Take your pain meds on schedule the first few days or week and then stretch them out as tolerated. Don't wait until you are really hurting to take something as it is hard to catch it when it gets ahead of you! Also...you'll probably get to wear some "sexy" mesh panties with a pad initially in the hospital after your catheter is removed...so never fear...lol! Prayers and hugs...and remember the waiting is truly the worst!
  #7  
Unread 03-25-2010, 08:27 AM
Re: Pain Management

Patriotette,

All of us of course are different and have different caregiving plans. I had a nerve block medication the whole time I was in (surgery 12:30 Thurs. and left castle at 2 pm Sat.). The catherter was taken out 7 am Fri. and went to the bathroom every 2 hrs. after that. I walked the halls at least 3 times Fri. and twice Sat. and sat up in the rocker in the room for at least an hr. several times a day.
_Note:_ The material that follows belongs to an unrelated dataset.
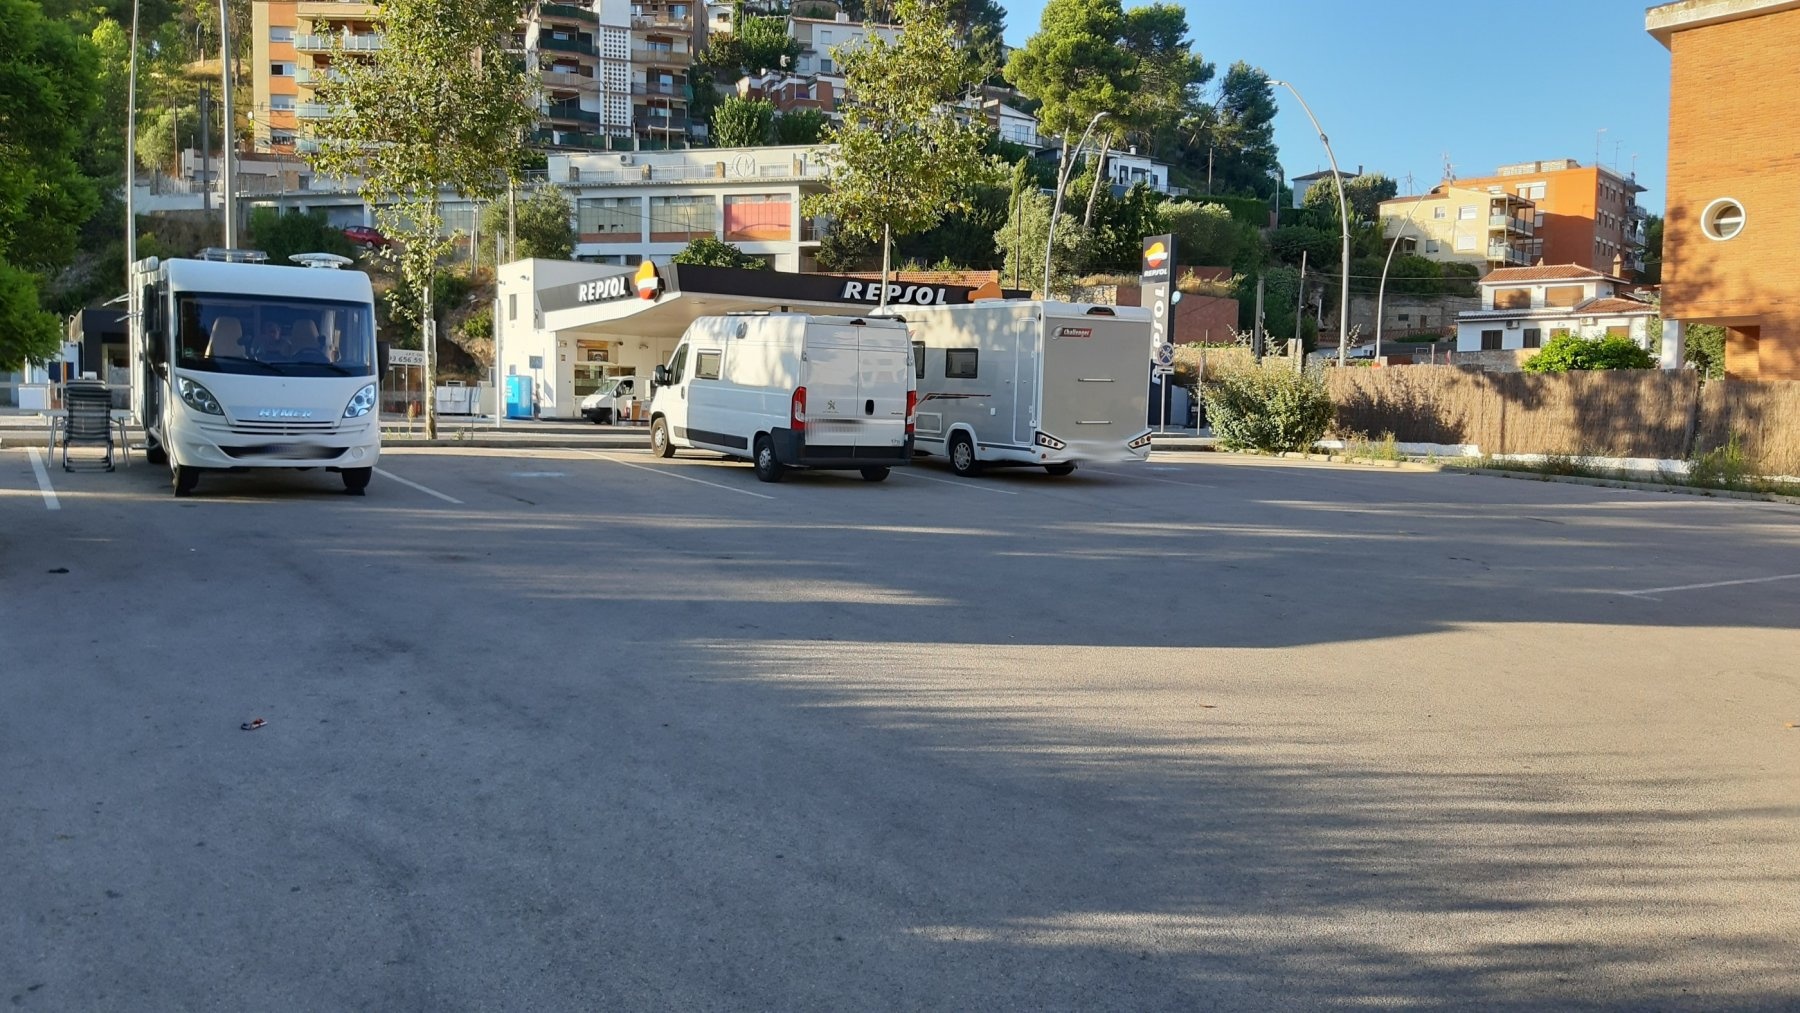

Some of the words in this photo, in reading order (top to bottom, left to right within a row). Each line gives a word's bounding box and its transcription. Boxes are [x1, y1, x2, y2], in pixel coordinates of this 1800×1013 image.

[1144, 268, 1167, 277] REPSOL
[579, 277, 625, 301] REPSOL
[843, 281, 946, 304] REPSOL
[259, 408, 313, 417] HYMER
I did not turn down any shots (toridol) or oral pain meds while in the hospital. I figured they know more about that than I did. Once home I did follow directions on dose and timing for a few days as the nerve block wore off. My DH was a hospice chaplain so he told me what his nurses had told him about pain mangement. If you are on a schedule and sleep past your time you probable can cut back on amount or frequentcy. The first days home I was taking 2 hydrocodone every 4 hrs. Sun. night I started taking only 1. Mon. night I went all night without one. Only took 2 Tues. and yesterday only took Tylenol. I am walking every hour or so, washing a few dishes, and folding clothes. No lifting, no bending. I have already been walking in stores. It depends on your surgery, your pain threshhold, and how physically fit you were before surgery. For me so many of the pains are not directly related to the surgical site but are bowel, bladder, muscular due to staying in one position too long, and stomach irritations. They are short and don't last long.
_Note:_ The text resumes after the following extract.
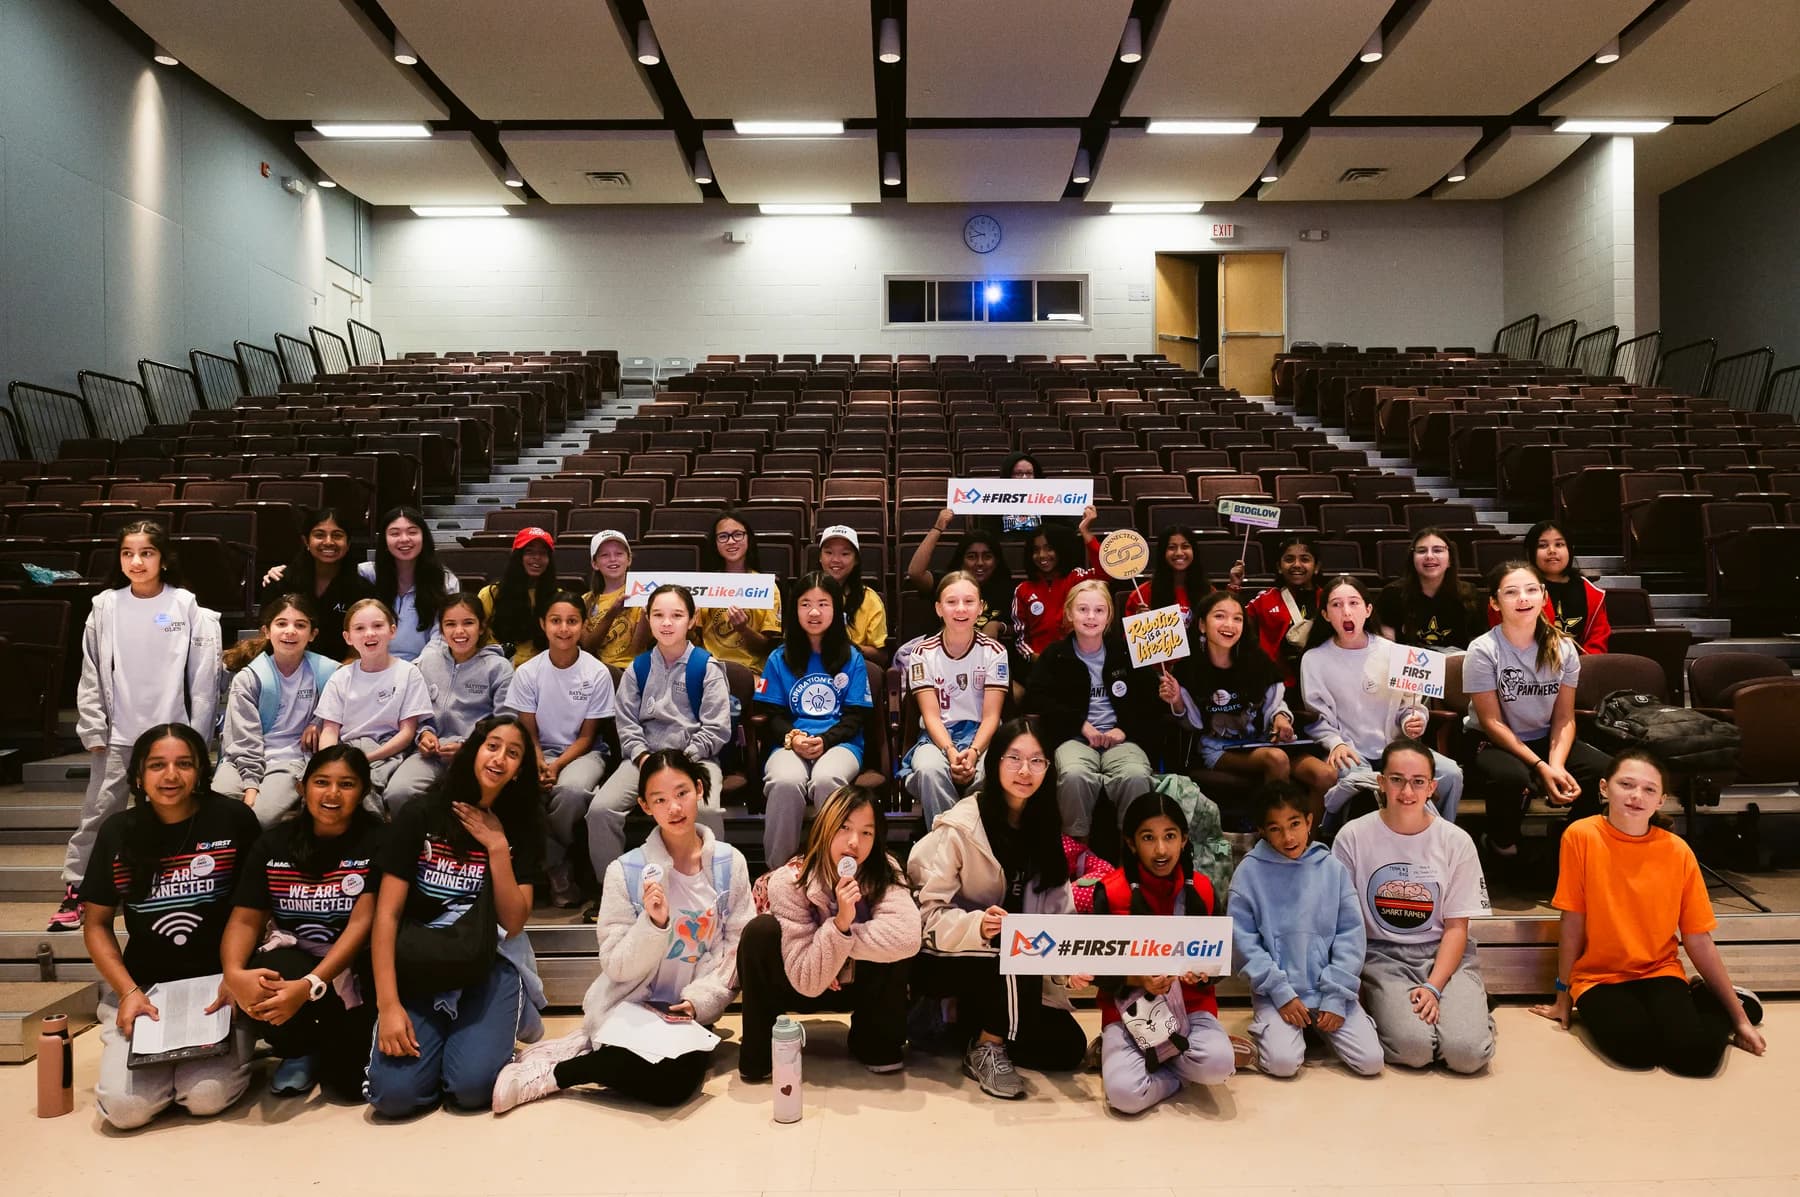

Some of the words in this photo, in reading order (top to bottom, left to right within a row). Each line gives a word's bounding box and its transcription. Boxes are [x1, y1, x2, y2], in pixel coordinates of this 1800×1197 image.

Honestly, the pain was worst the first 2 hrs. after getting to the room and after taking something was very manageable. I was anxious to stay pretty active because of past blood circulation and clot problems.

I hope this helps you. Have a blessed day.
  #8  
Unread 03-25-2010, 05:08 PM
Re: Pain Management

Patriotette -

You should not try to deal with the pain until it is unbearable. By the time the pain meds kick in you could really be in some big pain.

Also it can inhibit your healing.

Check out this post-op article on Managing pain .

Also check out the Hysterectomy Checkpoints for weeks 1 & 2 where they discuss managing your pain.

You don't get extra credit for not using your pain meds.



G.
  #9  
Unread 03-25-2010, 05:23 PM
Re: Pain Management

Nothing wimpy about pain meds! Meds help us to move around and get better. You get no points for deciding to be miserable and not use the pain meds. You will find that anti inflammatories like ibuprofen will help wonders!